Below is a set of records, and all of them should be retyped exactly, minus the pictures.

__Input__
>>>>

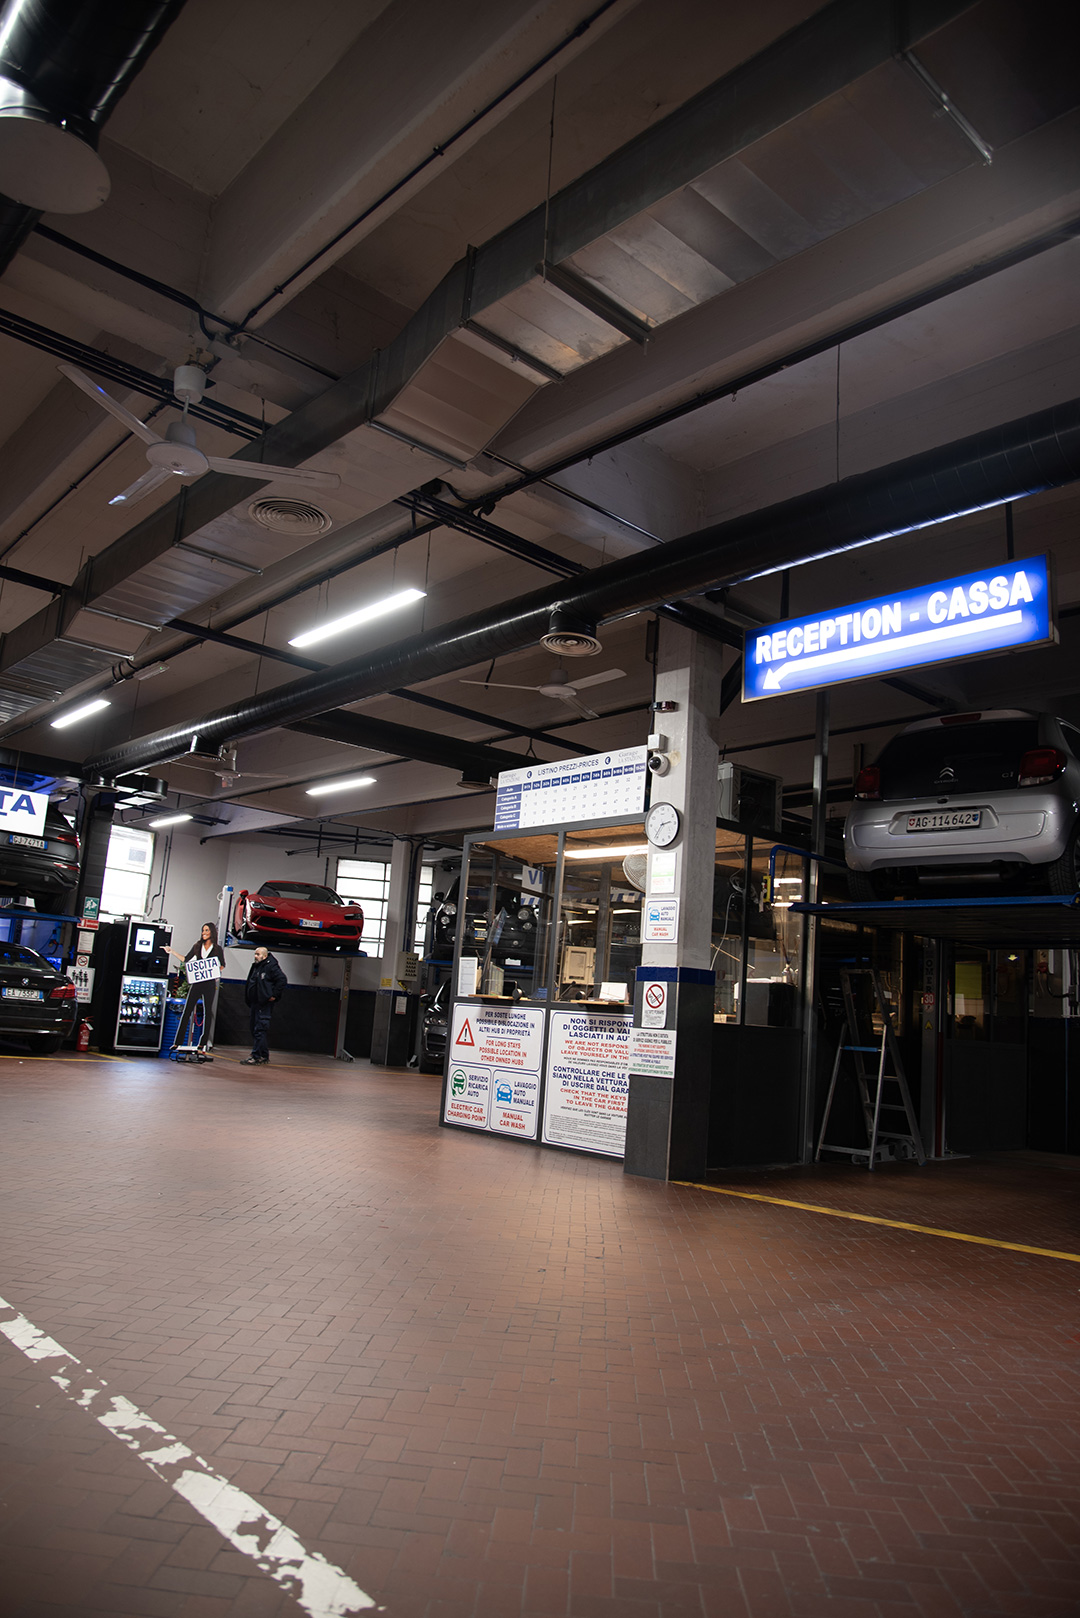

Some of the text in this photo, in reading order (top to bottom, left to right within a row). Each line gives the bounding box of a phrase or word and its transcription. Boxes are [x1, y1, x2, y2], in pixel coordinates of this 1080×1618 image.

[756, 602, 902, 664] RECEPTION
[927, 570, 1034, 624] CASSA
[538, 759, 599, 776] LISTINO PREZZI-PRICES
[187, 959, 218, 972] USCITA
[194, 969, 213, 980] EXIT
[498, 1020, 528, 1028] DISLOCAZIONE
[553, 1066, 600, 1076] CONTROLLARE
[468, 1075, 488, 1083] SERVIZIO
[574, 1075, 594, 1083] NELLA
[596, 1077, 628, 1087] VETTURA
[468, 1082, 488, 1091] RICARICA
[514, 1081, 536, 1090] LAVAGGIO
[570, 1081, 594, 1090] USCIRE
[513, 1098, 534, 1106] MANUALE
[451, 1103, 472, 1112] ELECTRIC
[447, 1110, 470, 1120] CHARGING
[502, 1112, 523, 1121] MANUAL
[511, 1122, 526, 1130] WASH

<<<<

__Exercise result__
Some of the text in this photo, in reading order (top to bottom, left to right within a row). Each line gives the bounding box of a phrase or word and its transcription. Boxes are [x1, y1, x2, y2], in pixel coordinates of this 1080×1618 image.

[756, 602, 902, 664] RECEPTION
[927, 570, 1034, 624] CASSA
[538, 759, 599, 776] LISTINO PREZZI-PRICES
[187, 959, 218, 972] USCITA
[194, 969, 213, 980] EXIT
[498, 1020, 528, 1028] DISLOCAZIONE
[553, 1066, 600, 1076] CONTROLLARE
[468, 1075, 488, 1083] SERVIZIO
[574, 1075, 594, 1083] NELLA
[596, 1077, 628, 1087] VETTURA
[468, 1082, 488, 1091] RICARICA
[514, 1081, 536, 1090] LAVAGGIO
[570, 1081, 594, 1090] USCIRE
[513, 1098, 534, 1106] MANUALE
[451, 1103, 472, 1112] ELECTRIC
[447, 1110, 470, 1120] CHARGING
[502, 1112, 523, 1121] MANUAL
[511, 1122, 526, 1130] WASH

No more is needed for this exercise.